START RECORD SET

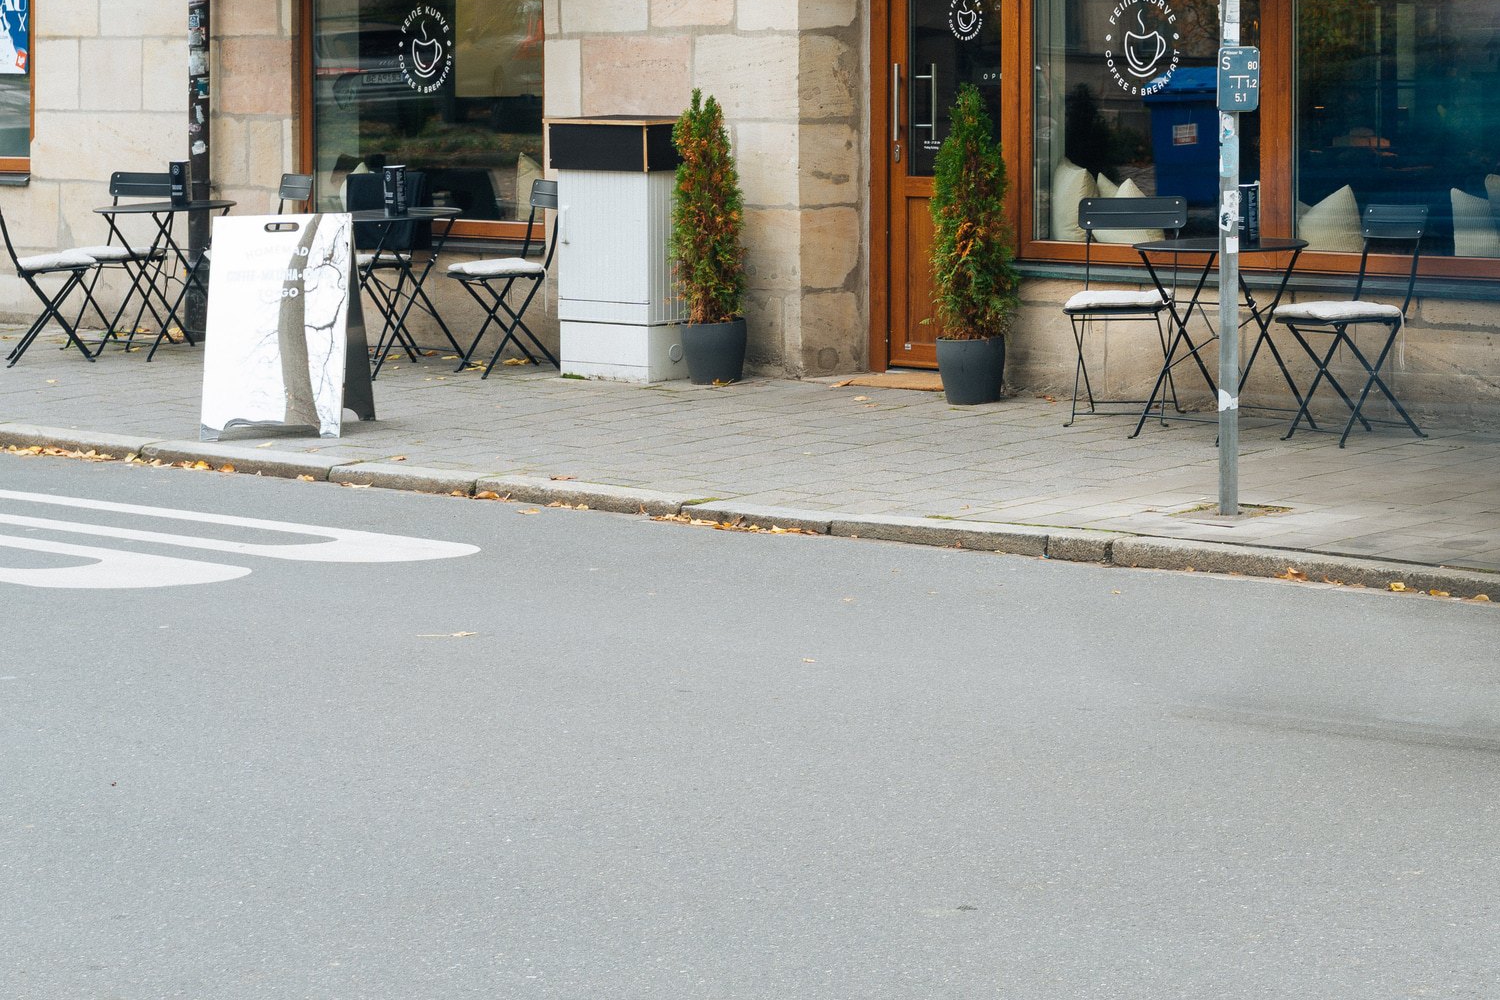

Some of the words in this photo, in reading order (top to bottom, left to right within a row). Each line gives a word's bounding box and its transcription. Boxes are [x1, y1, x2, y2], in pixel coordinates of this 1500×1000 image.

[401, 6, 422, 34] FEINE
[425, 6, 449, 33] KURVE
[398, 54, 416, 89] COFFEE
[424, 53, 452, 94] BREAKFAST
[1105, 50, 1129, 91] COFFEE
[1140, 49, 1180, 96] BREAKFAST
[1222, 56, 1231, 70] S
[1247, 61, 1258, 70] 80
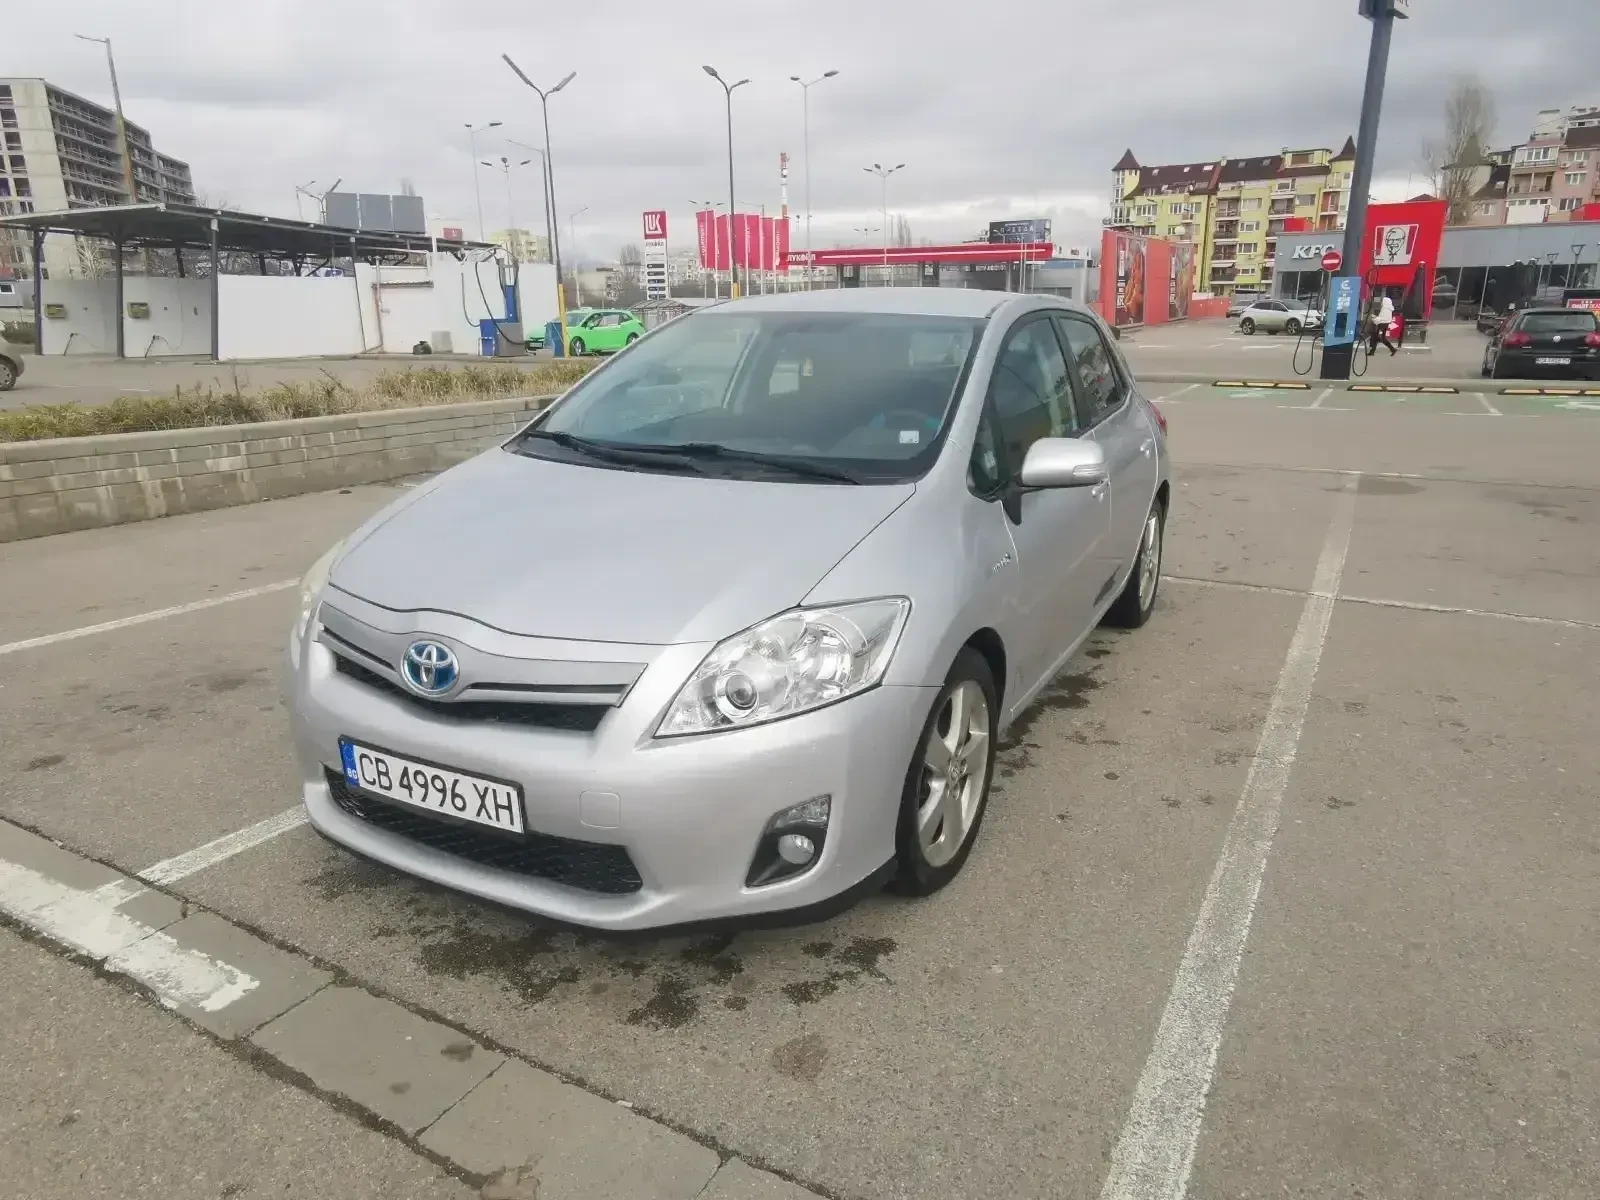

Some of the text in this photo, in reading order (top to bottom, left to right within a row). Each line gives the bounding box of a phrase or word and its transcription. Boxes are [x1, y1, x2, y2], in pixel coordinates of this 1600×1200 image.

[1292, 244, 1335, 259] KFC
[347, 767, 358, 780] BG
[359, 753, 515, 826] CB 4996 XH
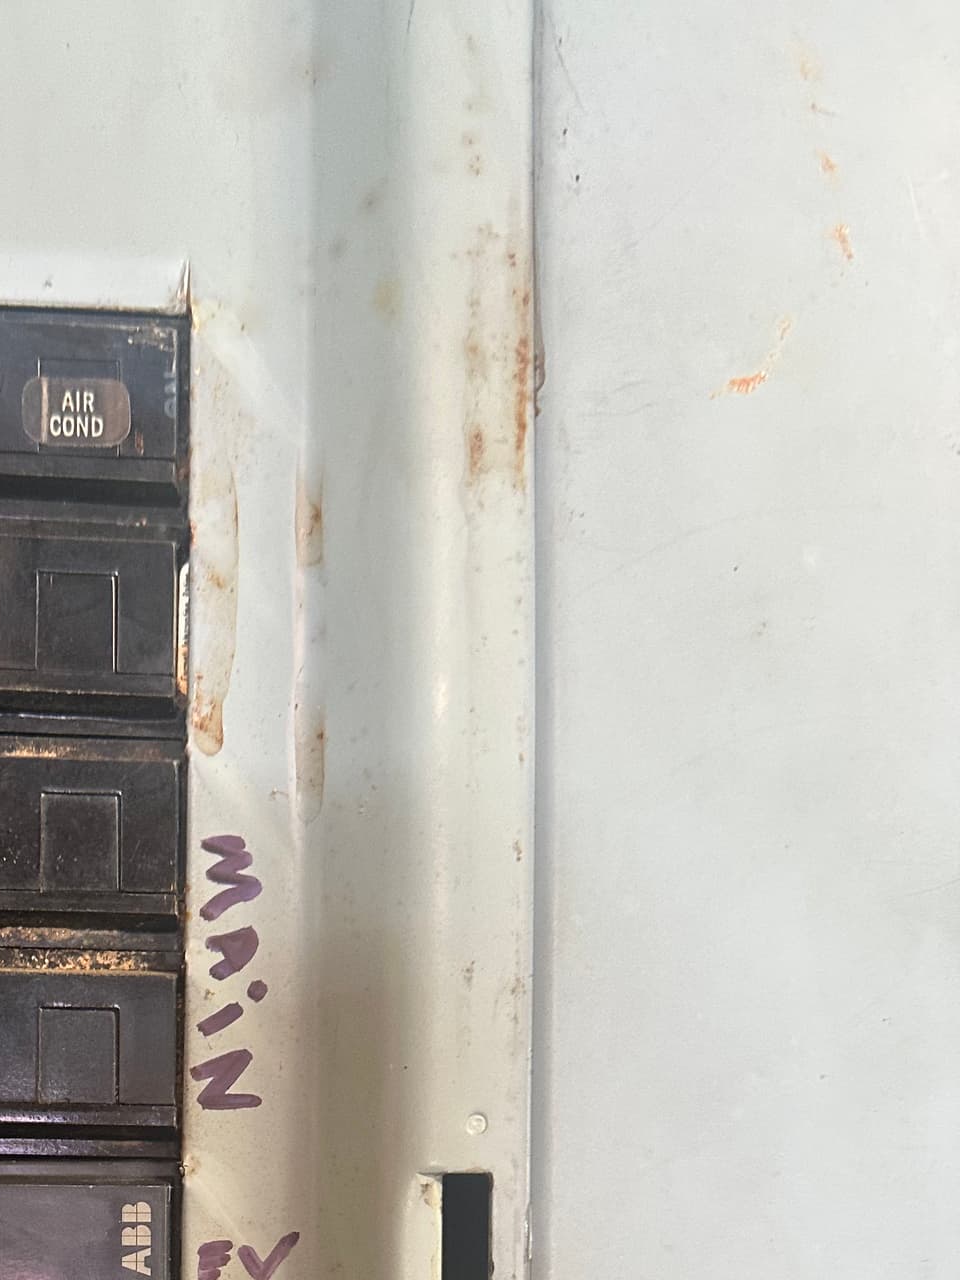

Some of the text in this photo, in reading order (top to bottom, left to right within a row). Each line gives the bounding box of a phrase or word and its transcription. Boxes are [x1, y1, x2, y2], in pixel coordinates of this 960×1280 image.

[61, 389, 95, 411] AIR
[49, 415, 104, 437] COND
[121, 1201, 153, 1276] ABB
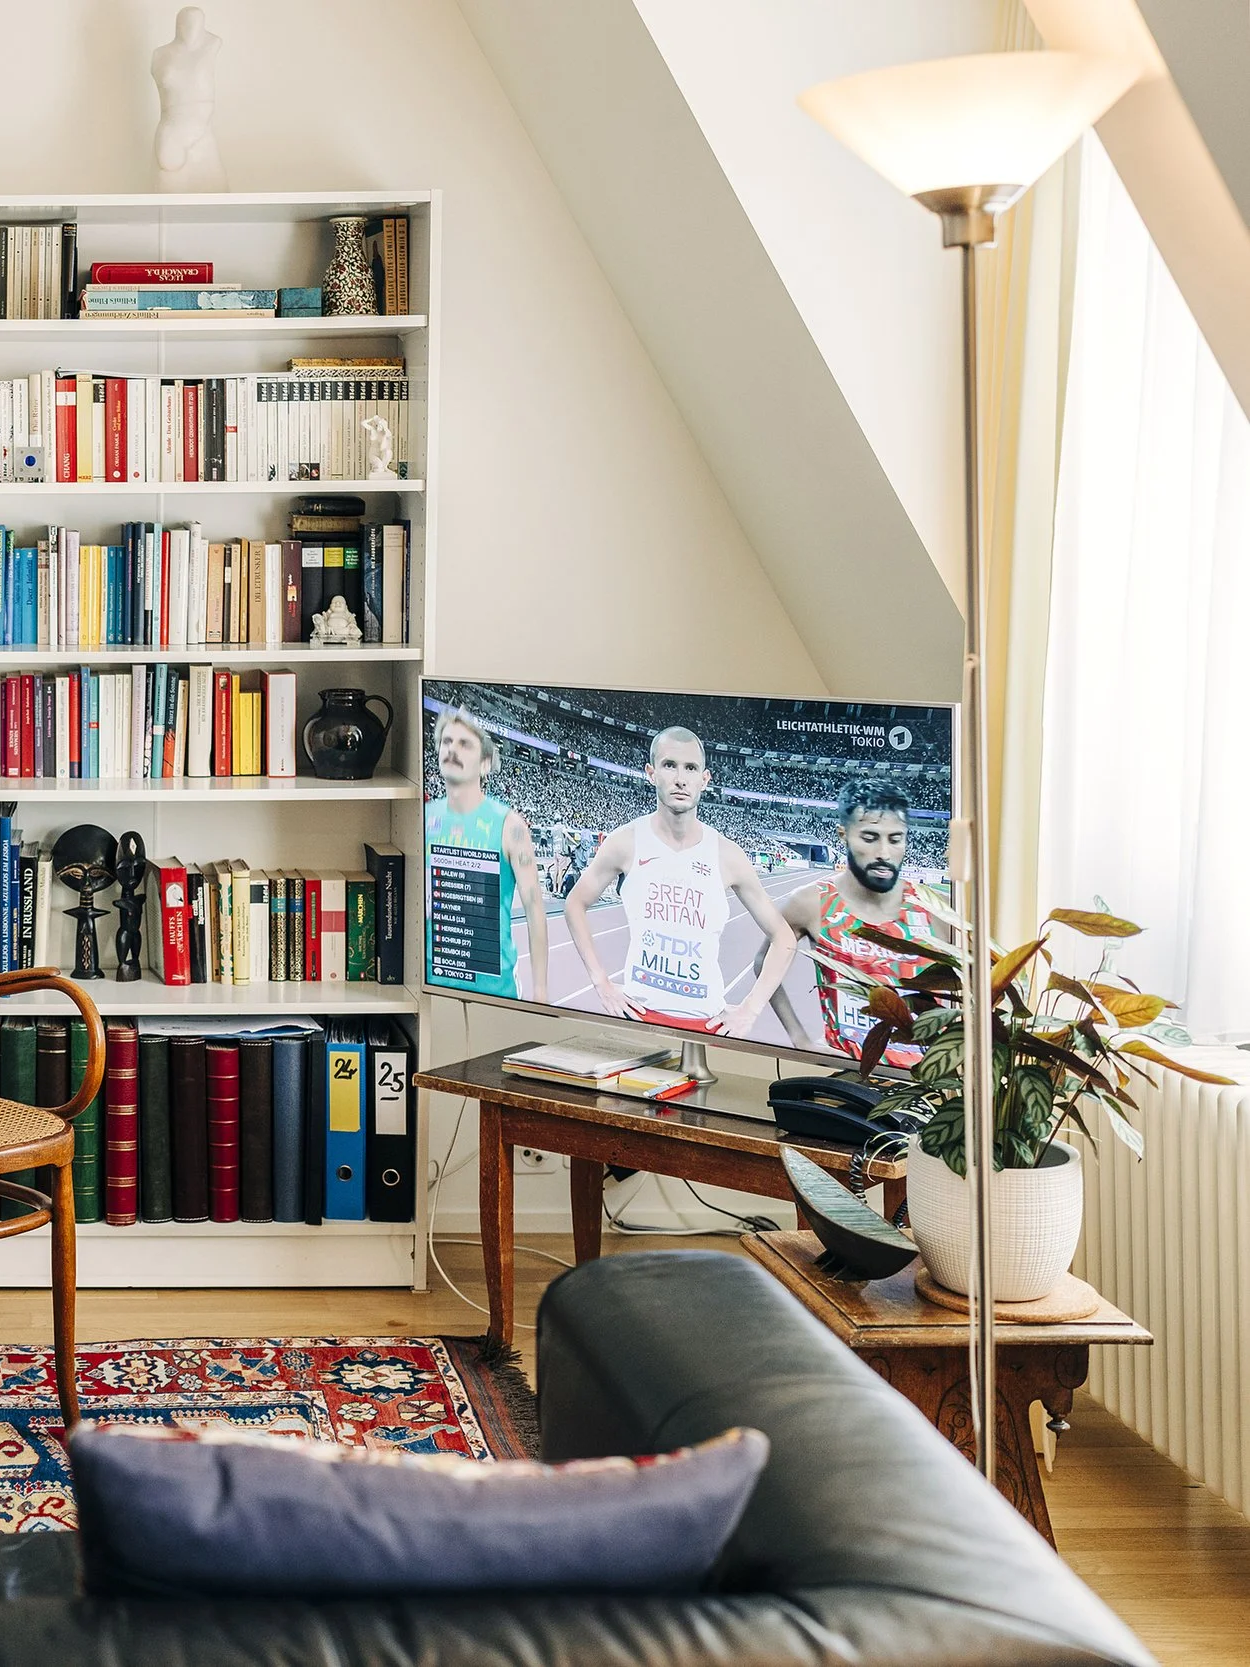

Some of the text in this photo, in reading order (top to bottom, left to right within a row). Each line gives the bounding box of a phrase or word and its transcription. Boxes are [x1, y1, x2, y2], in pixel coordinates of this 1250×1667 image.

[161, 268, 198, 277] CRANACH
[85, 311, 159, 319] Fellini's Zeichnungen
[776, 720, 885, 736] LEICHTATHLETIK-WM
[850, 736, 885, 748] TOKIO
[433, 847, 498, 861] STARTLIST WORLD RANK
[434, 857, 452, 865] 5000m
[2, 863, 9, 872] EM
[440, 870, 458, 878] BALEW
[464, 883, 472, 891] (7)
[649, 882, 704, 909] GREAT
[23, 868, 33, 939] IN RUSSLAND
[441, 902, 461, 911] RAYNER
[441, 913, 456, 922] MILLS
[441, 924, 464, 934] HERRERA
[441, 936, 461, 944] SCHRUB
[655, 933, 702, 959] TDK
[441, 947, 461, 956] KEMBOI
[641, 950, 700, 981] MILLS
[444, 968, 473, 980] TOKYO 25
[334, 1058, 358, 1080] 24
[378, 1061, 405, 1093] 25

END RECORD SET

Return, word for word, the lines from the one containing "this 1250×1667 image." through the end of the data above, both ends included, and nothing else.

- _FINISHED EXERCISE_:
Some of the text in this photo, in reading order (top to bottom, left to right within a row). Each line gives the bounding box of a phrase or word and its transcription. Boxes are [x1, y1, x2, y2], in pixel coordinates of this 1250×1667 image.

[161, 268, 198, 277] CRANACH
[85, 311, 159, 319] Fellini's Zeichnungen
[776, 720, 885, 736] LEICHTATHLETIK-WM
[850, 736, 885, 748] TOKIO
[433, 847, 498, 861] STARTLIST WORLD RANK
[434, 857, 452, 865] 5000m
[2, 863, 9, 872] EM
[440, 870, 458, 878] BALEW
[464, 883, 472, 891] (7)
[649, 882, 704, 909] GREAT
[23, 868, 33, 939] IN RUSSLAND
[441, 902, 461, 911] RAYNER
[441, 913, 456, 922] MILLS
[441, 924, 464, 934] HERRERA
[441, 936, 461, 944] SCHRUB
[655, 933, 702, 959] TDK
[441, 947, 461, 956] KEMBOI
[641, 950, 700, 981] MILLS
[444, 968, 473, 980] TOKYO 25
[334, 1058, 358, 1080] 24
[378, 1061, 405, 1093] 25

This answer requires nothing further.